Equipe de TV da Record é ameaçada de morte durante transmissão ao vivo, em Vitória

Redação Portal IMPRENSA | 31/05/2019 15:13
Durante a exibição do programa Cidade Alerta Espírito Santo, da TV Vitória/Record, na quinta-feira, dia 30, a equipe de reportagem foi hostilizada por supostos criminosos nas imediações do bairro Santos Dumont, em Vitória, Espírito Santo.  
Crédito: Reprodução TV Vitória/Record
De acordo com as informações publicadas no portal R7, o repórter Waslley Leite e o cinegrafista Patrick Loureiro estavam na região para cobrir a operação que acontecia no bairro quando foram ameaçados por volta de 18h51,  durante transmissão ao vivo. 

O superintendente de conteúdo da Rede Vitória, Alexandre Carvalho, afirmou ao Portal R7 que o repórter e cinegrafista registraram um Boletim de Ocorrência. "Eles foram para a delegacia logo após o ocorrido e estão bem.
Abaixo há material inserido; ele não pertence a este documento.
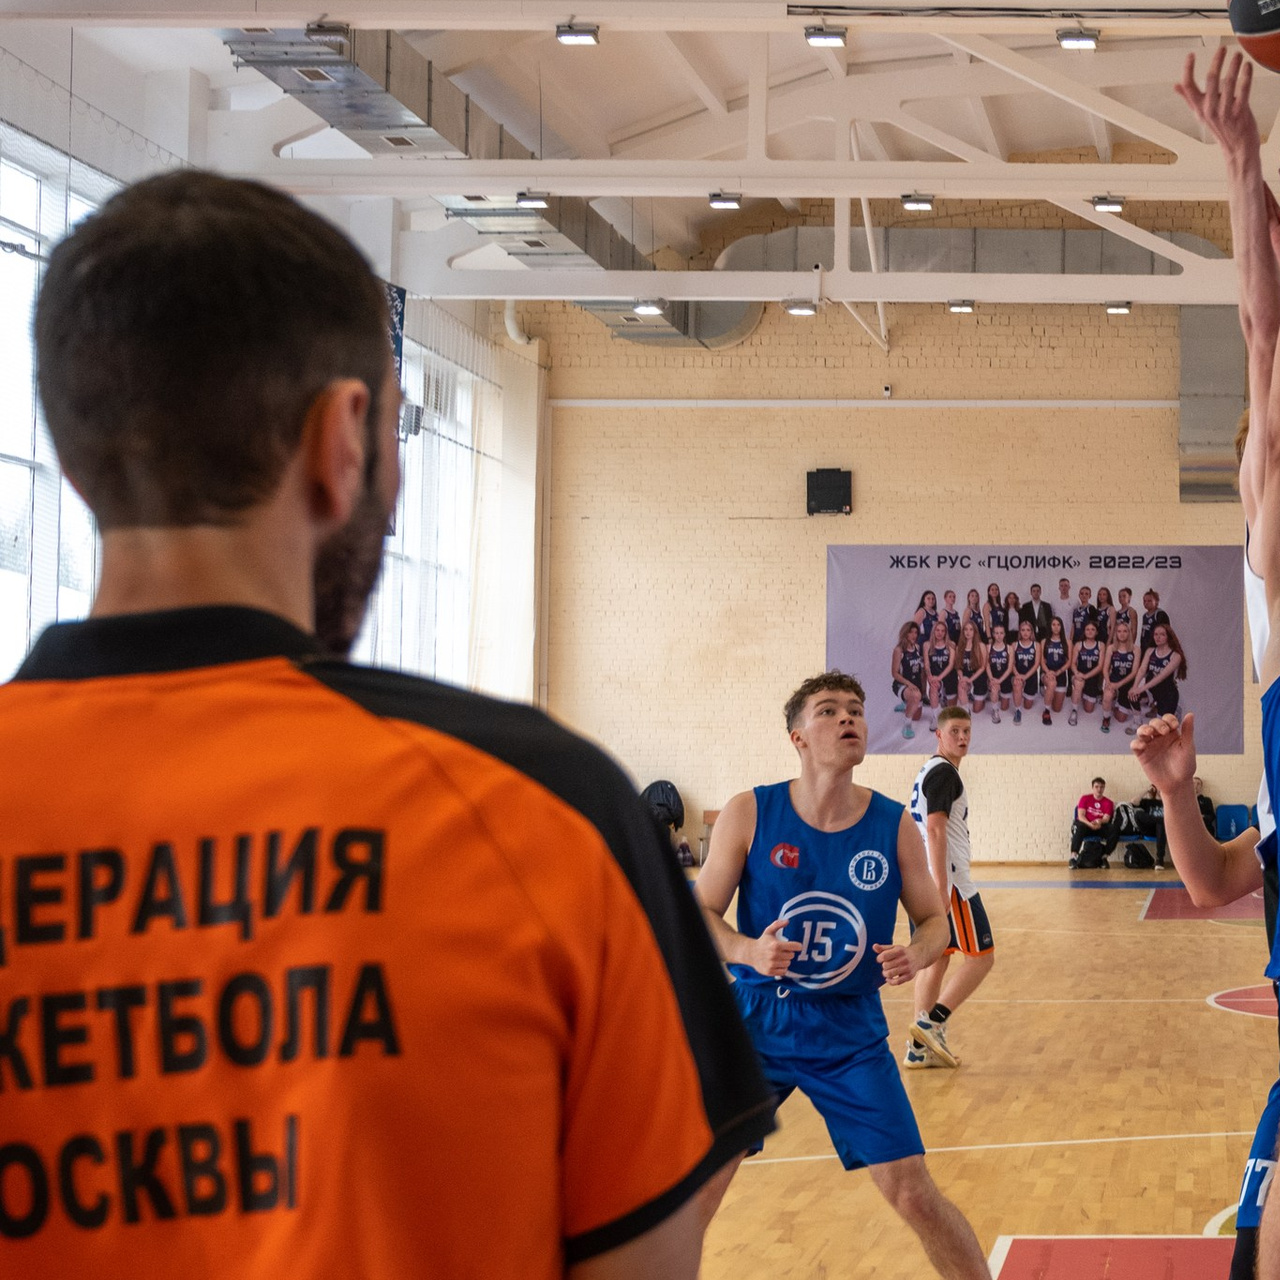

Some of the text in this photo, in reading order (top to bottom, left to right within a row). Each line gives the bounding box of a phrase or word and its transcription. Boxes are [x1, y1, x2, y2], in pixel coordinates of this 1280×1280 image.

Estavam no bairro para verificar se havia alguma novidade sobre a operação policial, quando uma pessoa que estava no banco do carona já chegou ameaçando. Nada de mais grave aconteceu. Vamos cobrar um posicionamento das autoridades ", relatou Carvalho.

Em nota enviada ao portal Gazeta Online, o Sindijornalistas e a Federação Nacional dos Jornalistas cobraram a responsabilidade do Estado. "Nossas entidades exigem do governo do Estado segurança de trabalho para os jornalistas e também para os moradores dessas regiões. É inaceitável que este tipo e ocorrência tenha se tornado uma rotina. É preciso que o Estado retome de fato o controle por meio de políticas públicas e de segurança".
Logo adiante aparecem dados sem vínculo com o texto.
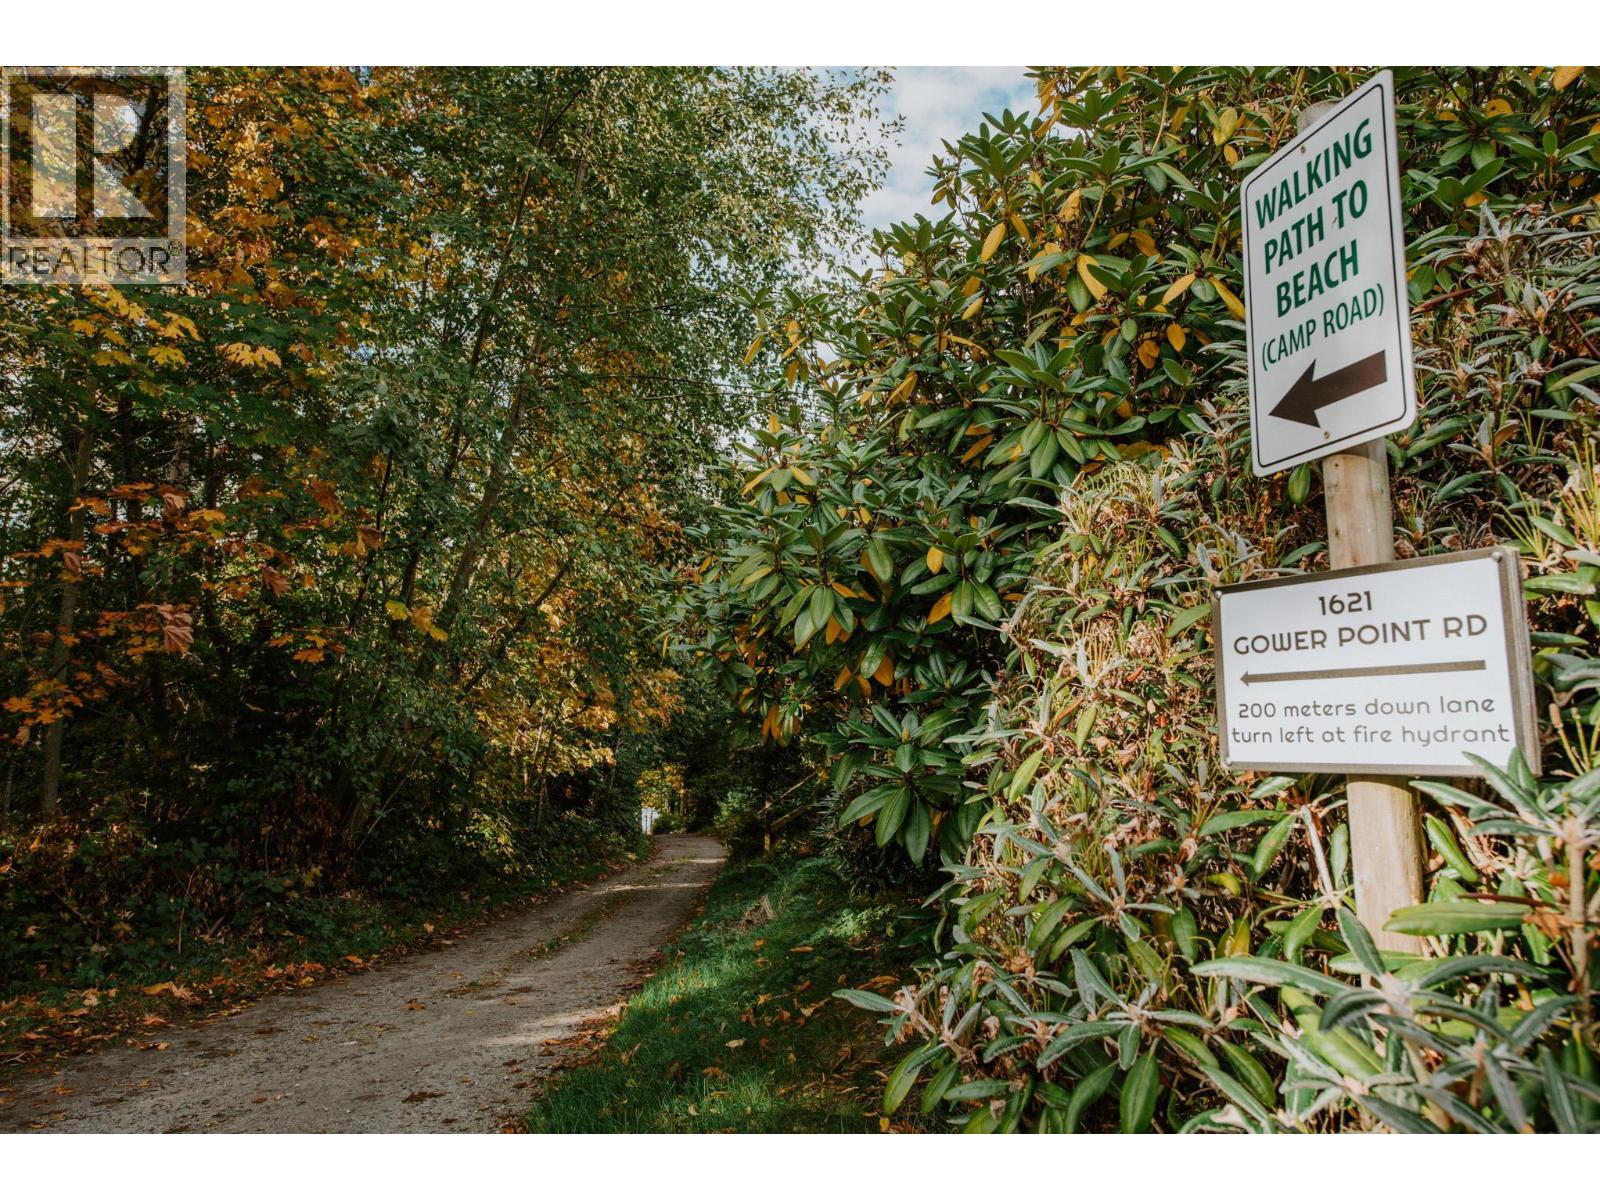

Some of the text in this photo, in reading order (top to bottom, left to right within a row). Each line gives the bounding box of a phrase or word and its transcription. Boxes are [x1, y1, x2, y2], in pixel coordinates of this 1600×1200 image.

[1255, 117, 1372, 230] WALKING
[1264, 179, 1368, 275] PATH TO
[1276, 239, 1359, 318] BEACH
[1262, 283, 1384, 371] (CAMP ROAD)
[1318, 591, 1373, 616] 1621
[1233, 614, 1488, 655] GOWER POINT RD
[1232, 724, 1510, 747] turn left at fire hydrant
[1238, 696, 1495, 718] 200 meters down lane
Também em nota enviada ao portal, a Secretaria de Estado de Segurança Pública do Estado do Espírito Santo repudia a ação que "ameaçou e tentou agredir os profissionais da imprensa que faziam a cobertura jornalística do fato" e que "o setor de inteligência já iniciou o levantamento das informações para auxiliar na investigação".

Investigações

De acordo com o portal R7, a autoridade policial que acompanha o caso afirma já ter identificado os suspeitos envolvidos nas ameaças à equipe. Segundo o delegado Fabiano Rosa, que acompanha o caso, também foram identificados os suspeitos de terem colocado fogo em um carro da emissora, na mesma região, no início de maio.
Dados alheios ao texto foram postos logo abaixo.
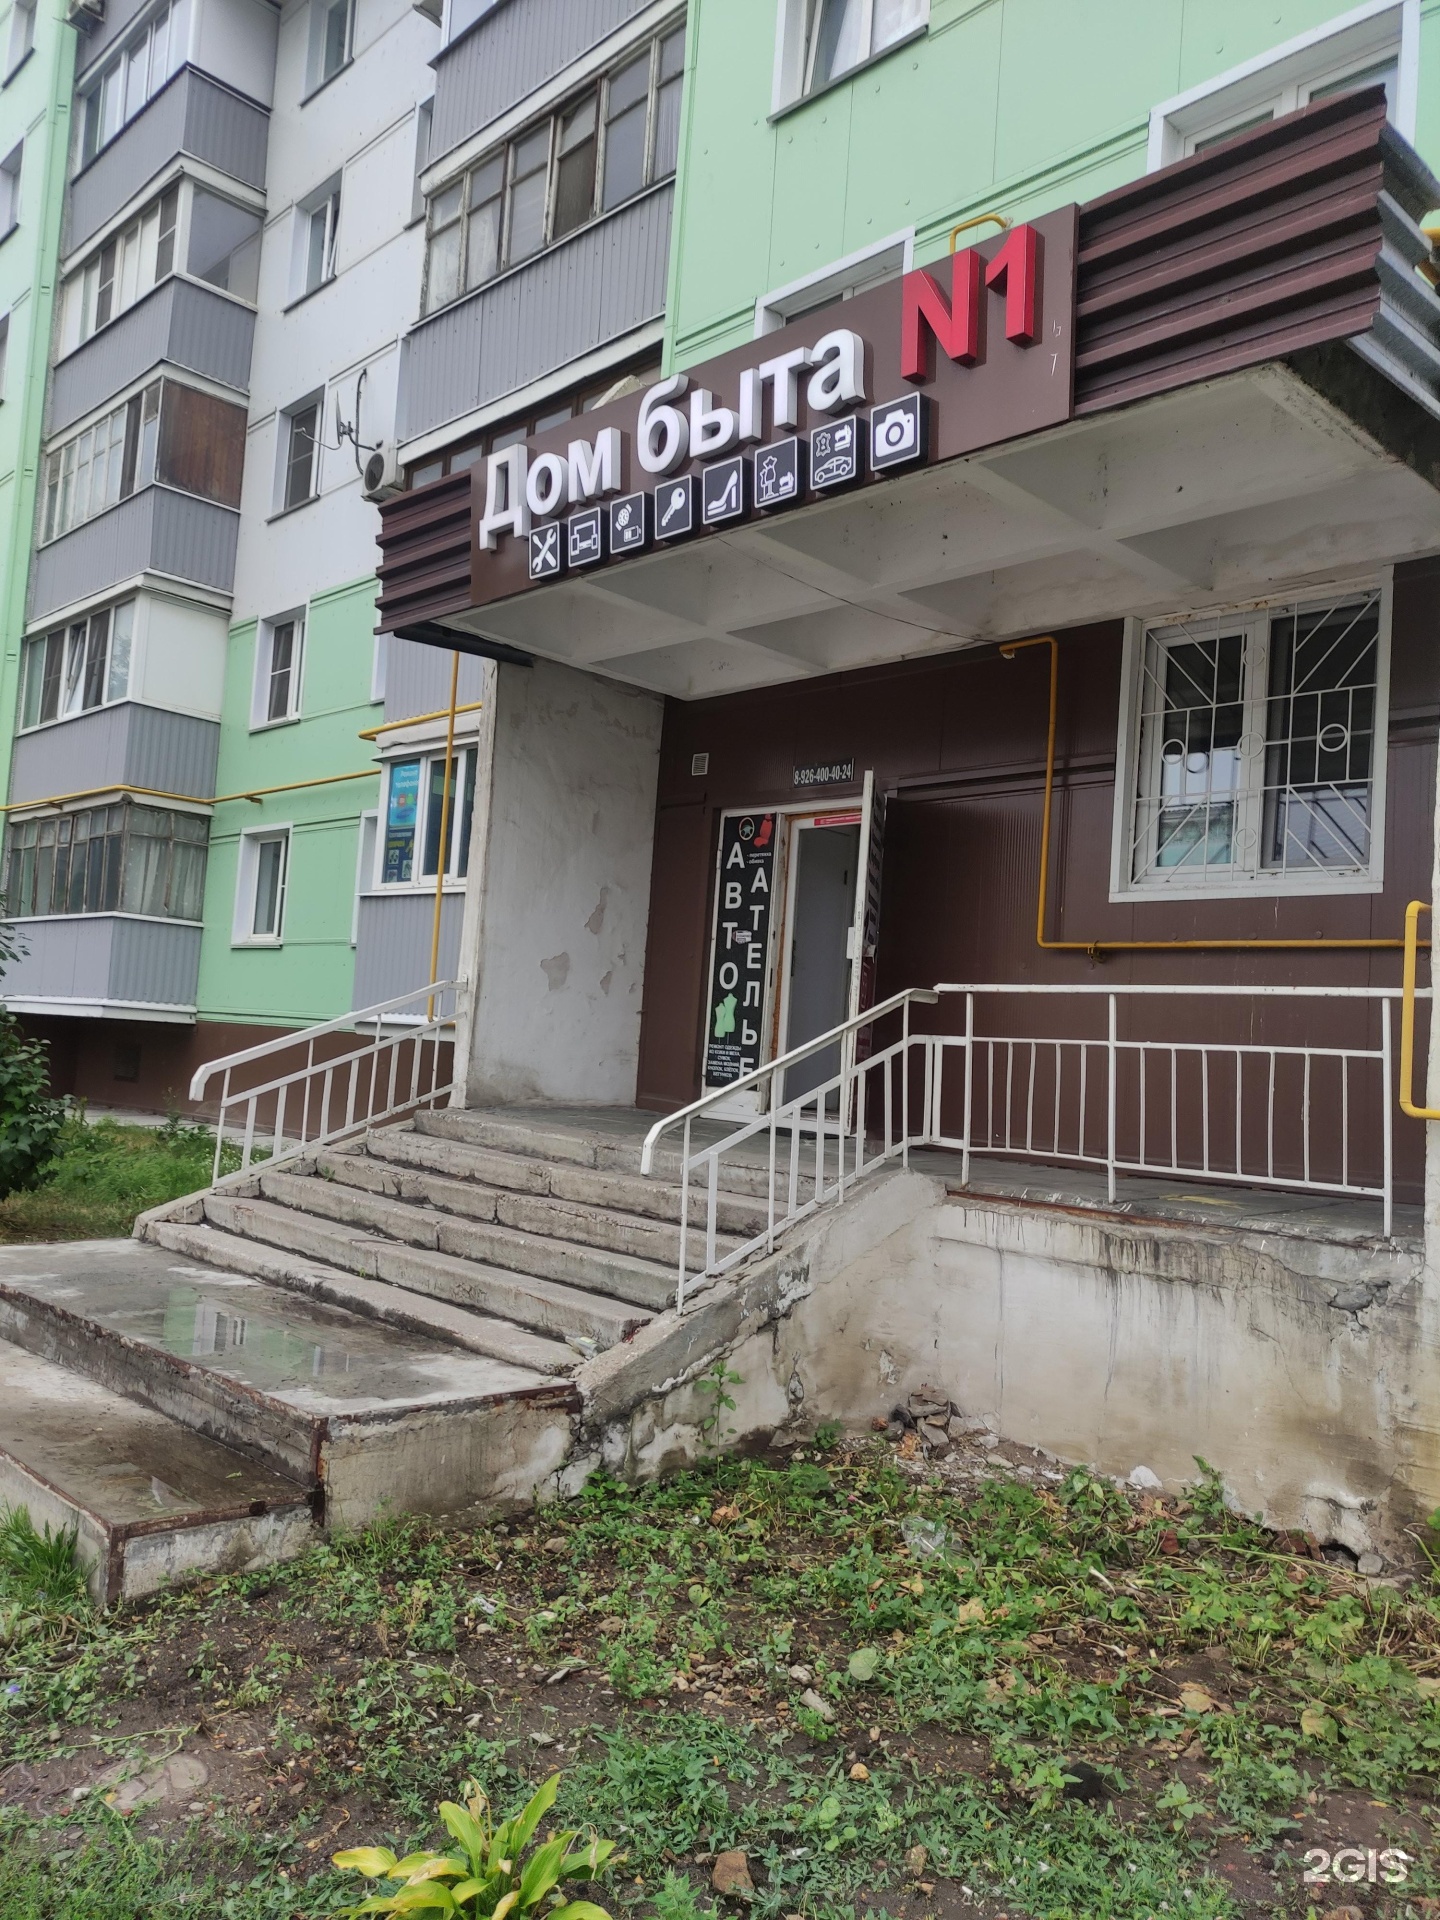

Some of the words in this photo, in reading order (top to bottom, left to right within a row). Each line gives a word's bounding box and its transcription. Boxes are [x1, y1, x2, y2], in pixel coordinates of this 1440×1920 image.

[479, 443, 621, 551] Дом
[637, 328, 866, 476] быта
[902, 223, 1036, 386] N1
[794, 763, 851, 785] 8-926-400-40-24
[719, 841, 746, 990] АВТО
Um deles seria Fernando Moraes Pereira Pimenta, conhecido como Marujo. Ele é suspeito de ser um dos chefes do tráfico no Bairro da Penha. O outro suspeito é Geovani de Andrade Bento. Os dois estariam a mando de Carlos Alberto Furtado da Silva, que está preso na penitenciária de segurança máxima ll, em Viana, na região metropolitana de Vitória.